* **Working data**:
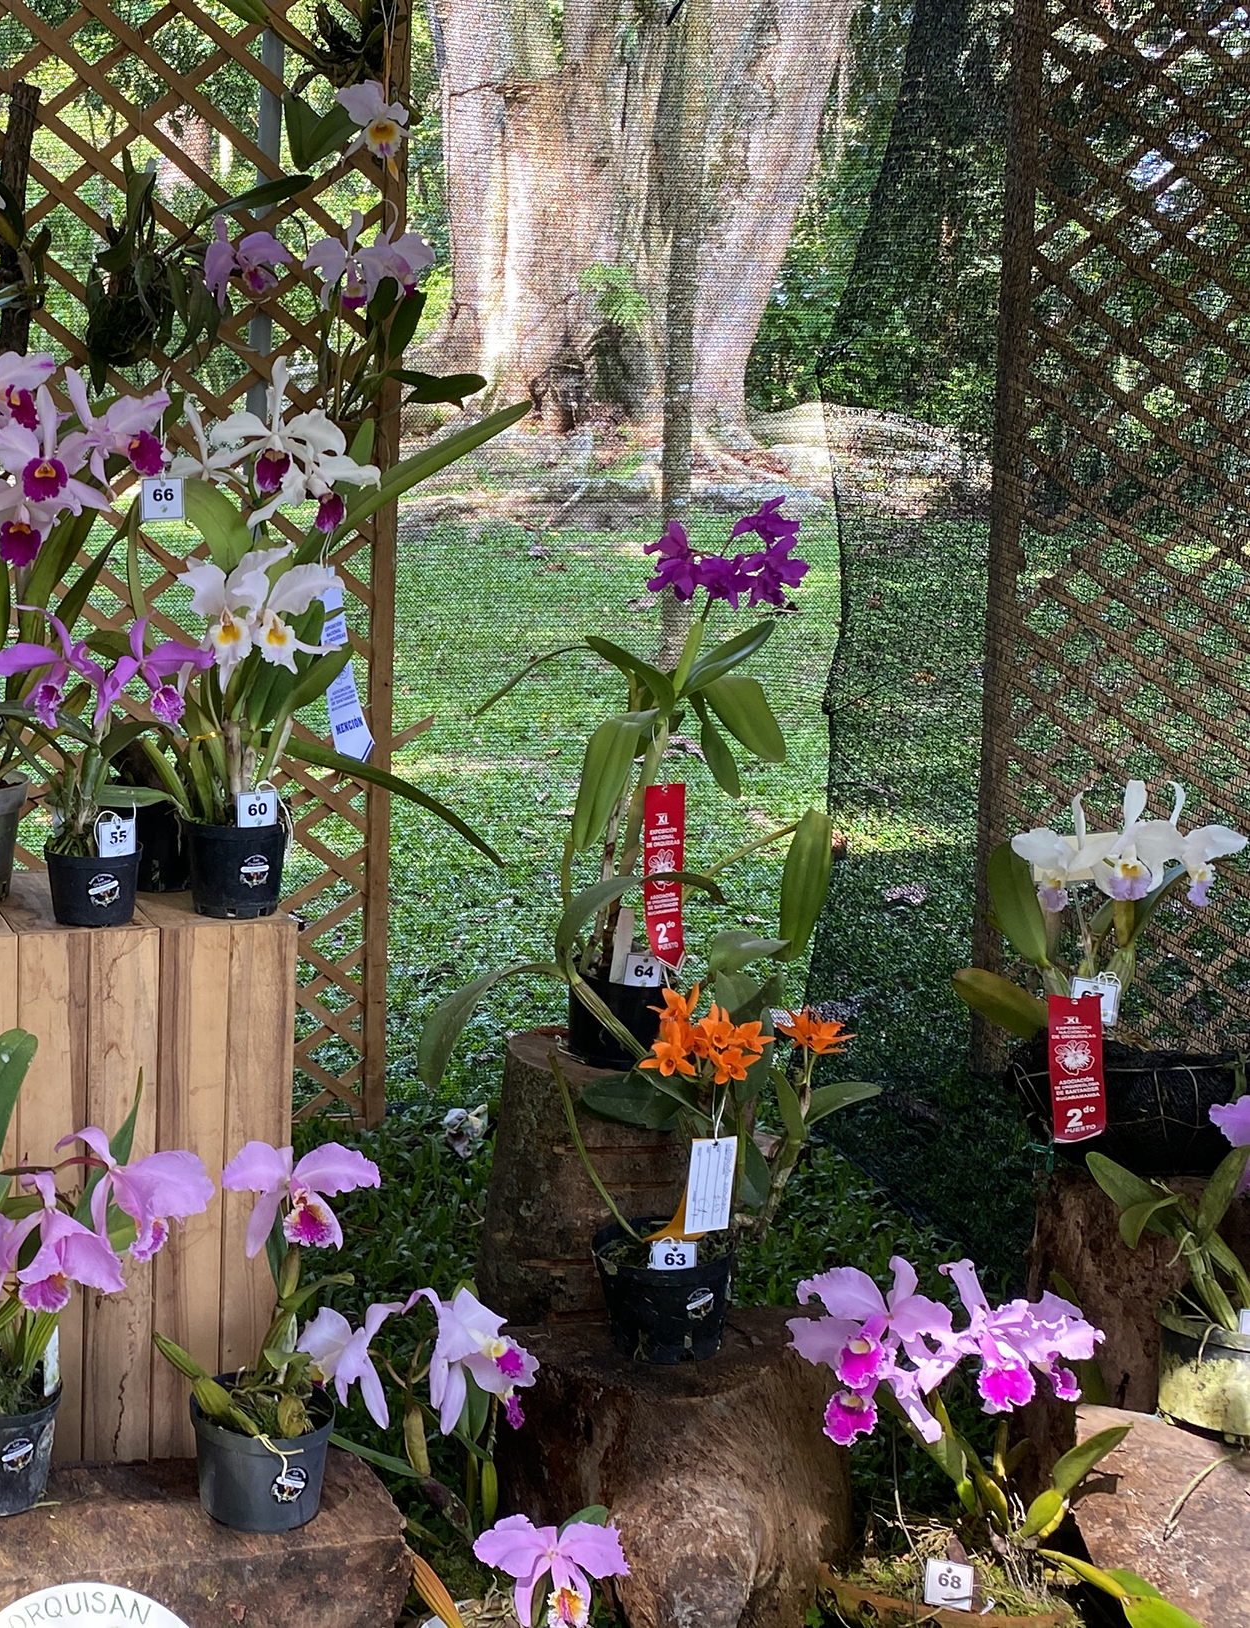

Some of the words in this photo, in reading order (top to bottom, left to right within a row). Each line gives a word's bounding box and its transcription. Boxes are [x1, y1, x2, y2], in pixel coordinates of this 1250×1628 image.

[153, 488, 174, 502] 66
[336, 715, 364, 735] MENCIÓN
[248, 802, 268, 816] 60
[658, 815, 668, 825] XI
[110, 830, 127, 844] 55
[658, 941, 679, 951] PUESTO
[634, 965, 654, 978] 64
[1059, 1076, 1094, 1085] ASOCIACIÓN
[1065, 1086, 1099, 1095] SANTANDER
[1066, 1105, 1096, 1128] 2do
[1064, 1124, 1096, 1134] PUESTO
[664, 1253, 686, 1266] 63
[938, 1573, 962, 1590] 68
[8, 1591, 152, 1628] ORQUISAN

* **What this task involves**:
When you write out the data, keep every line exact and drop the pictures.

* **Task output**:
Some of the words in this photo, in reading order (top to bottom, left to right within a row). Each line gives a word's bounding box and its transcription. Boxes are [x1, y1, x2, y2], in pixel coordinates of this 1250×1628 image.

[153, 488, 174, 502] 66
[336, 715, 364, 735] MENCIÓN
[248, 802, 268, 816] 60
[658, 815, 668, 825] XI
[110, 830, 127, 844] 55
[658, 941, 679, 951] PUESTO
[634, 965, 654, 978] 64
[1059, 1076, 1094, 1085] ASOCIACIÓN
[1065, 1086, 1099, 1095] SANTANDER
[1066, 1105, 1096, 1128] 2do
[1064, 1124, 1096, 1134] PUESTO
[664, 1253, 686, 1266] 63
[938, 1573, 962, 1590] 68
[8, 1591, 152, 1628] ORQUISAN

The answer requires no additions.